Ein weiteres Ziel war, eine eins zu eins Simulation umzusetzen. Da die Kommunikation im Projekt über ROS2 Dashing abläuft und der Donkey Car Simulator nur über Unity ansprechbar ist, musste eine Verbindung von ROS2 Dashing nach Unity aufgebaut werden. Dazu wurde zuerst eine Verbindung von Unity zu ROS1 Melodic hergestellt, da diese bereits von Siemens implementiert wurde. Da nun noch die Verbindung von ROS1 Melodic zu ROS2 Dashing fehlte, wurde die von ROS2 Dashing mitgebrachte Verbindung zu ROS1 genutzt.
Aufgrund der Corona Pandemie konnte diese Verbindung noch nicht am echten Auto getestet werden. Mit dem Gazebo Simulator war es jedoch möglich, die Verbindung erfolgreich testen zu können.

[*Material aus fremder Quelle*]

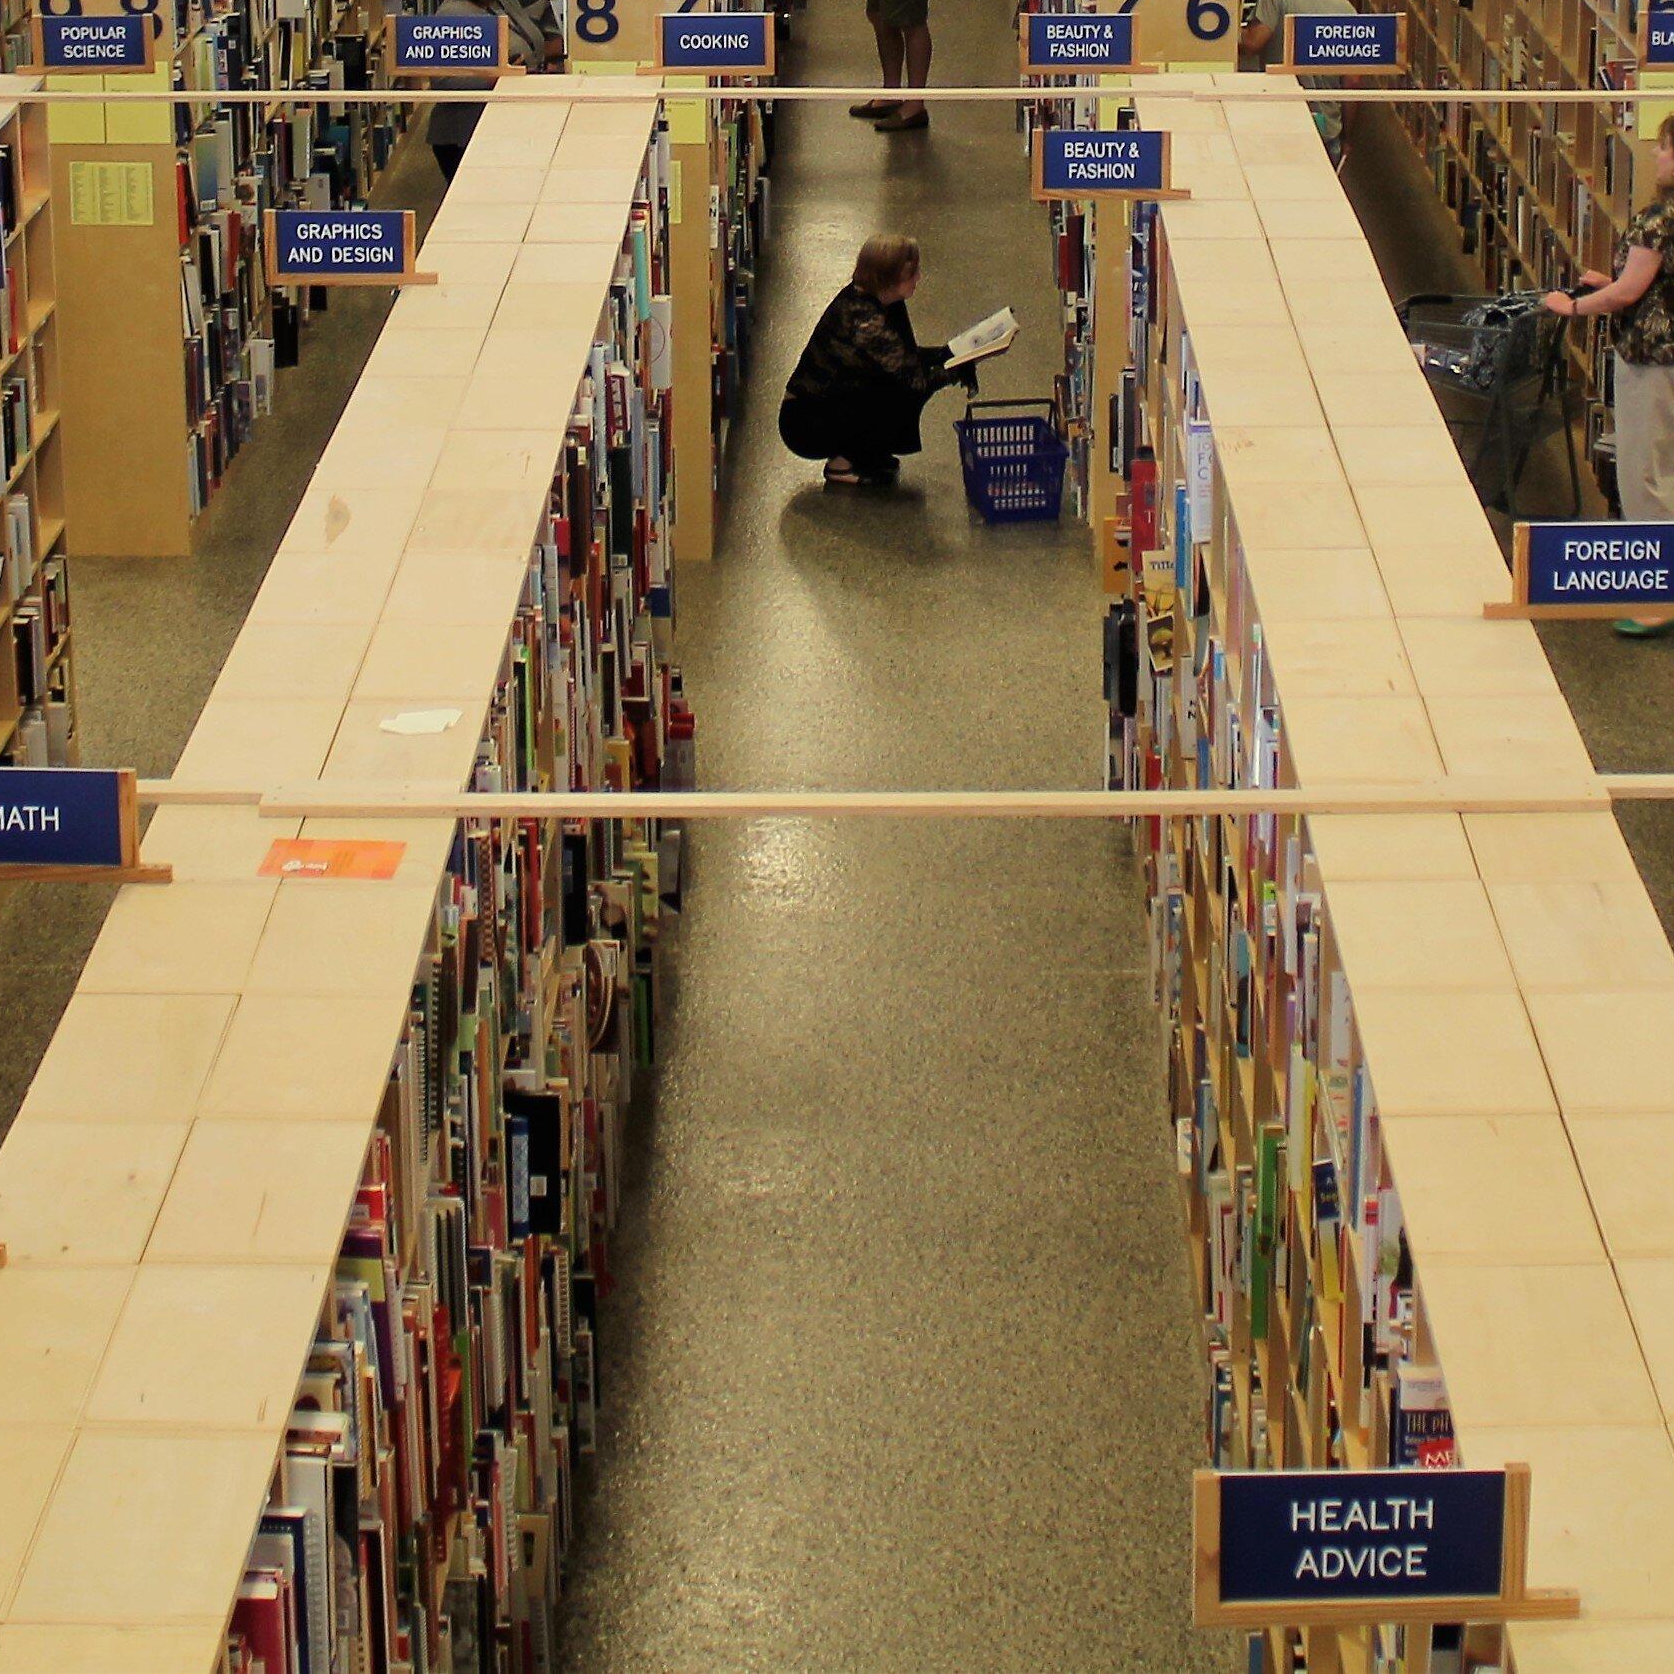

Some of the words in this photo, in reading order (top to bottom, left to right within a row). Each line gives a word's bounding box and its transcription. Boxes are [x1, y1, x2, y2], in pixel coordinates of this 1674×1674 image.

[60, 26, 126, 41] POPULAR
[412, 25, 483, 40] GRAPHICS
[1046, 24, 1101, 40] BEAUTY
[1103, 24, 1114, 40] &
[1315, 24, 1376, 39] FOREIGN
[679, 33, 749, 50] COOKING
[1049, 42, 1110, 58] FASHION
[63, 44, 126, 59] SCIENCE
[405, 44, 435, 59] AND
[440, 44, 491, 59] DESIGN
[1308, 43, 1381, 58] LANGUAGE
[1064, 141, 1126, 159] BEAUTY
[1128, 141, 1140, 159] &
[1068, 162, 1135, 180] FASHION
[296, 223, 383, 240] GRAPHICS
[287, 246, 324, 263] AND
[331, 246, 394, 263] DESIGN
[1564, 540, 1661, 561] FOREIGN
[1553, 569, 1669, 591] LANGUAGE
[1291, 1498, 1434, 1532] HEALTH
[1295, 1545, 1428, 1579] ADVICE

Streckengenerierung: Viele Straßen
Kommunikation zwischen dem Gazebo Simulator und dem Unity Simulator

Gazebo Simulation

Die Corona Pandemie hat dazu geführt, dass das DRIVE Auto nicht vor Ort gefahren bzw. getestet werden konnte. Dies hatte negative Auswirkungen auf die Entwicklung der Ortung, da die Ausgaben des LiDARS beispielsweise ausfielen. Durch den Gazebo Simulator wurde allerdings ermöglicht, an die benötigten Daten zu gelangen.
Gazebo ist ein Open-Source-Simulator für komplexe Anwendungen der Robotik mit einer sehr akuraten Ignition Physics Engine und integrierter ROS Schnittstelle. Bei korrekter Konfiguration verhält sich das Auto so wie in der Realität.
Streckengenerierung: Viele Straßen
Gazebo Simulator mit modellierter MZH Ebene 4. Die blauen Strahlen entstammen vom LiDAR
DonkeyGUI

Im Rahmen des Projektes wurde eine DonkeyGUI entwickelt, mit dem Ziel, die wichtigsten Funktionen des DRIVE Autos schneller zur Verfügung zu stellen und eine vereinfachte Ressourcenüberwachung zu realisieren.

  • Auf der linken Seite sind die Ressourcen des Raspberry Pi's mit ihrer Auslastung aufgelistet. (1)
  • In der mittleren Spalte können die vom Auto empfangenen Daten in verschiedenen Formaten aufgenommen werden. (2)
  • Außerdem kann man festlegen, welche Kreuzung als nächstes präferiert werden soll. (3)

  • In der Spalte rechts sind Optionen zum Fahren des Autos, wo spezifiziert werden kann, ob das Auto manuell (via Tastatur oder Controller) oder durch ein neuronales Netz gesteuert wird. (4)
  • Desweiteren kann das aktive Netz umgeschaltet werden, um so das Verhalten des Autos zu beeinflussen. (5)
  • Auch die Lichter des Autos können manuell ausgewählt werden. (6)
  • Ganz rechts werden die Kameraaufnahmen mit einem Overlay der Objekterkennung des Autos dargestellt. (7)
  • Darunter ist das gleiche Bild, jedoch überarbeitet mit einer Kantenerkennung. (8)
Darüber hinaus ist eine Visualisierung der Ortung eingebaut, sowie die Möglichkeit, Prozesse auf dem Pi sehen und terminieren zu können. Die LCD Pi's können auch mit der DonkeyGUI angesprochen werden, wodurch ausgewählt werden kann, welches Straßenschild / Ampel angezeigt werden soll.